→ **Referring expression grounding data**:
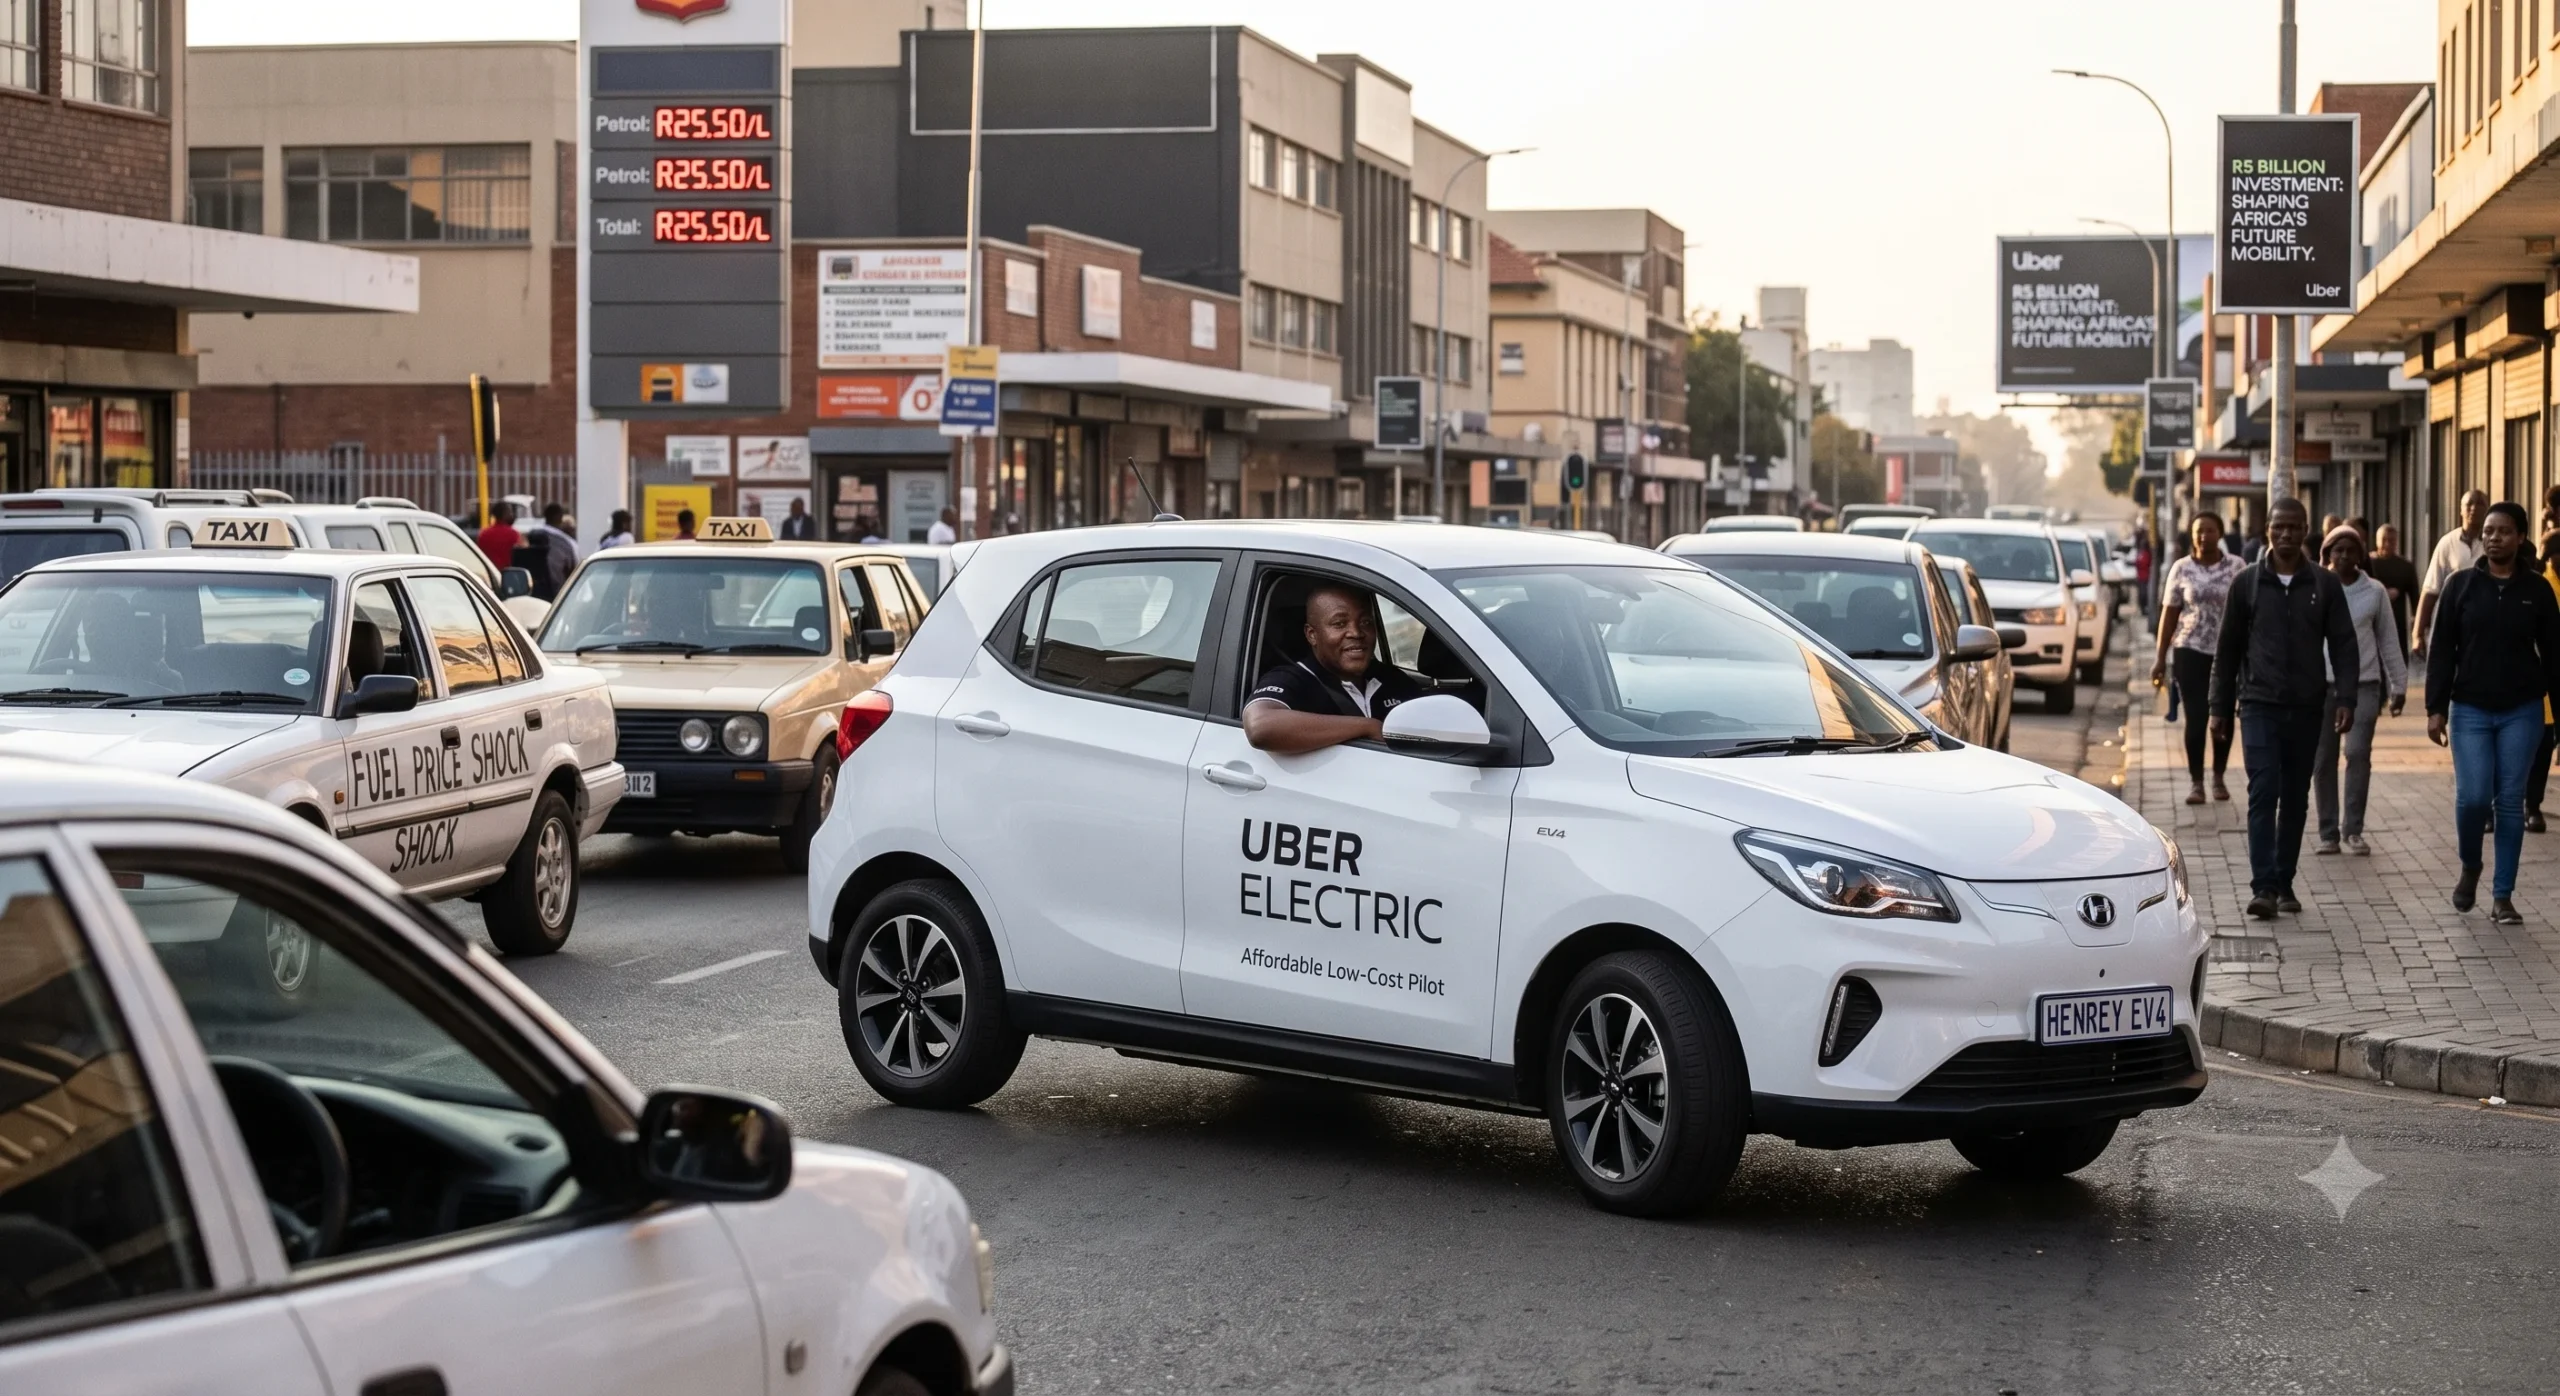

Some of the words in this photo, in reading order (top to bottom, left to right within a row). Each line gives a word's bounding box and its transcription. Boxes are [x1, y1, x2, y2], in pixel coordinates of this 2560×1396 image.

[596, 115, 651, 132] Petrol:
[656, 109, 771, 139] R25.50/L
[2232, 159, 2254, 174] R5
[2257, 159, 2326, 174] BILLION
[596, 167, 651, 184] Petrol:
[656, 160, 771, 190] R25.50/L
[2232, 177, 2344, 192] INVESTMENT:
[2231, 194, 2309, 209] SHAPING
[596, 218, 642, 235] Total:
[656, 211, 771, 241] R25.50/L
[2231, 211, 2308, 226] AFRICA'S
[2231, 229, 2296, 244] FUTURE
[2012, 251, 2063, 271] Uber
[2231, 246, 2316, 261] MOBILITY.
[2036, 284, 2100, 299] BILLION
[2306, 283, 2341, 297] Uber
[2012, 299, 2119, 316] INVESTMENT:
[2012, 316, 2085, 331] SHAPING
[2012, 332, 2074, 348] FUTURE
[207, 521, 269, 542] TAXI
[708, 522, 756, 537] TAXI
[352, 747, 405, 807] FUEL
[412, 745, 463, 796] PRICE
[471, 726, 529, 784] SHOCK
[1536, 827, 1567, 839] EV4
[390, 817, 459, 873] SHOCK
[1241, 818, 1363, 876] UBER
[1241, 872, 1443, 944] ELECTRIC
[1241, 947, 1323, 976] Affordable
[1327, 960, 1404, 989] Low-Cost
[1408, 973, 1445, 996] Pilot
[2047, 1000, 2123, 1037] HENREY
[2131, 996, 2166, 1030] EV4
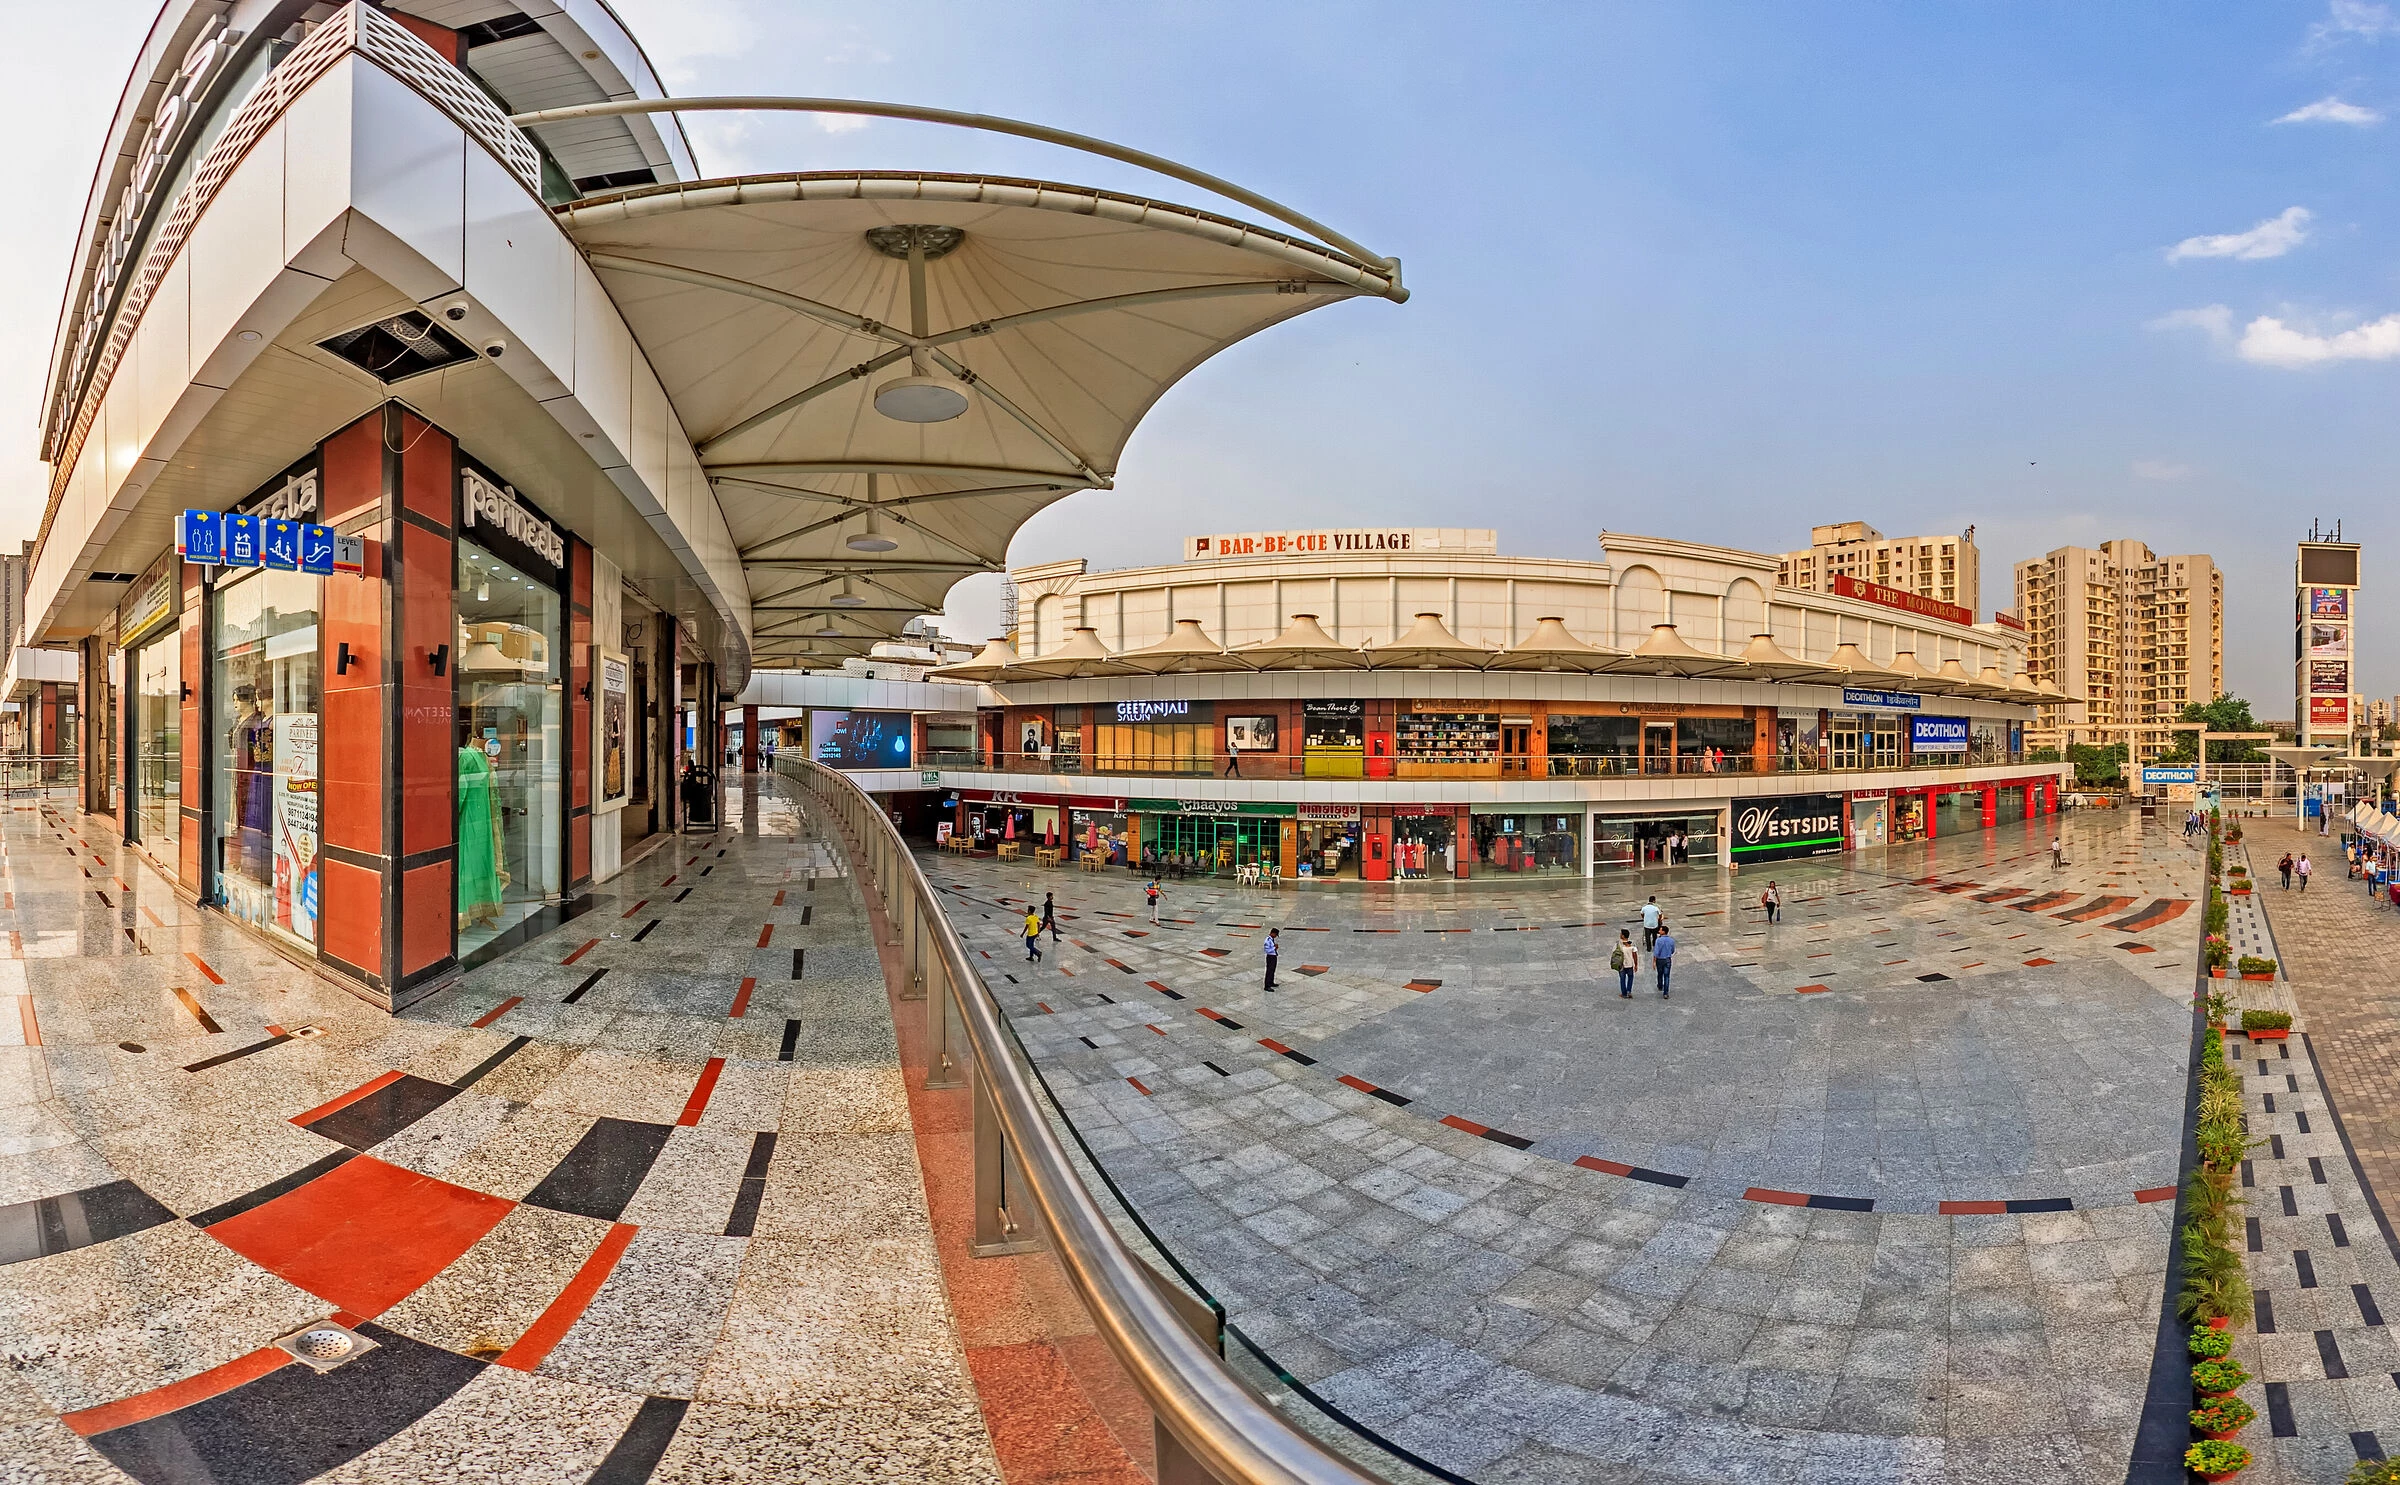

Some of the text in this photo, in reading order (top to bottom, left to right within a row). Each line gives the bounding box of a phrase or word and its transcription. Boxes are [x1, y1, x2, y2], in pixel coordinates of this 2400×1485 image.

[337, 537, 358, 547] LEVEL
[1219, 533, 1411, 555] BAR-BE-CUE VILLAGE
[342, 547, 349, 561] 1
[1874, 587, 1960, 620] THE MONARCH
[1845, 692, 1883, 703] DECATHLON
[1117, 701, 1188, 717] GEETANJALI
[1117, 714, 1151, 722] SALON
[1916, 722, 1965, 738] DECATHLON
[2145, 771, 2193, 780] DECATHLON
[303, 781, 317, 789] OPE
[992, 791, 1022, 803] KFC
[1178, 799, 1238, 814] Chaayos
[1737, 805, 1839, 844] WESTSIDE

→ **To do**: Transcribe the records in full and exactly. Pictures stay out.

→ **Solution to this task**:
Some of the words in this photo, in reading order (top to bottom, left to right within a row). Each line gives a word's bounding box and its transcription. Boxes are [x1, y1, x2, y2], in pixel coordinates of this 2560×1396 image.

[596, 115, 651, 132] Petrol:
[656, 109, 771, 139] R25.50/L
[2232, 159, 2254, 174] R5
[2257, 159, 2326, 174] BILLION
[596, 167, 651, 184] Petrol:
[656, 160, 771, 190] R25.50/L
[2232, 177, 2344, 192] INVESTMENT:
[2231, 194, 2309, 209] SHAPING
[596, 218, 642, 235] Total:
[656, 211, 771, 241] R25.50/L
[2231, 211, 2308, 226] AFRICA'S
[2231, 229, 2296, 244] FUTURE
[2012, 251, 2063, 271] Uber
[2231, 246, 2316, 261] MOBILITY.
[2036, 284, 2100, 299] BILLION
[2306, 283, 2341, 297] Uber
[2012, 299, 2119, 316] INVESTMENT:
[2012, 316, 2085, 331] SHAPING
[2012, 332, 2074, 348] FUTURE
[207, 521, 269, 542] TAXI
[708, 522, 756, 537] TAXI
[352, 747, 405, 807] FUEL
[412, 745, 463, 796] PRICE
[471, 726, 529, 784] SHOCK
[1536, 827, 1567, 839] EV4
[390, 817, 459, 873] SHOCK
[1241, 818, 1363, 876] UBER
[1241, 872, 1443, 944] ELECTRIC
[1241, 947, 1323, 976] Affordable
[1327, 960, 1404, 989] Low-Cost
[1408, 973, 1445, 996] Pilot
[2047, 1000, 2123, 1037] HENREY
[2131, 996, 2166, 1030] EV4

Some of the text in this photo, in reading order (top to bottom, left to right within a row). Each line gives the bounding box of a phrase or word and its transcription. Boxes are [x1, y1, x2, y2], in pixel coordinates of this 2400×1485 image.

[337, 537, 358, 547] LEVEL
[1219, 533, 1411, 555] BAR-BE-CUE VILLAGE
[342, 547, 349, 561] 1
[1874, 587, 1960, 620] THE MONARCH
[1845, 692, 1883, 703] DECATHLON
[1117, 701, 1188, 717] GEETANJALI
[1117, 714, 1151, 722] SALON
[1916, 722, 1965, 738] DECATHLON
[2145, 771, 2193, 780] DECATHLON
[303, 781, 317, 789] OPE
[992, 791, 1022, 803] KFC
[1178, 799, 1238, 814] Chaayos
[1737, 805, 1839, 844] WESTSIDE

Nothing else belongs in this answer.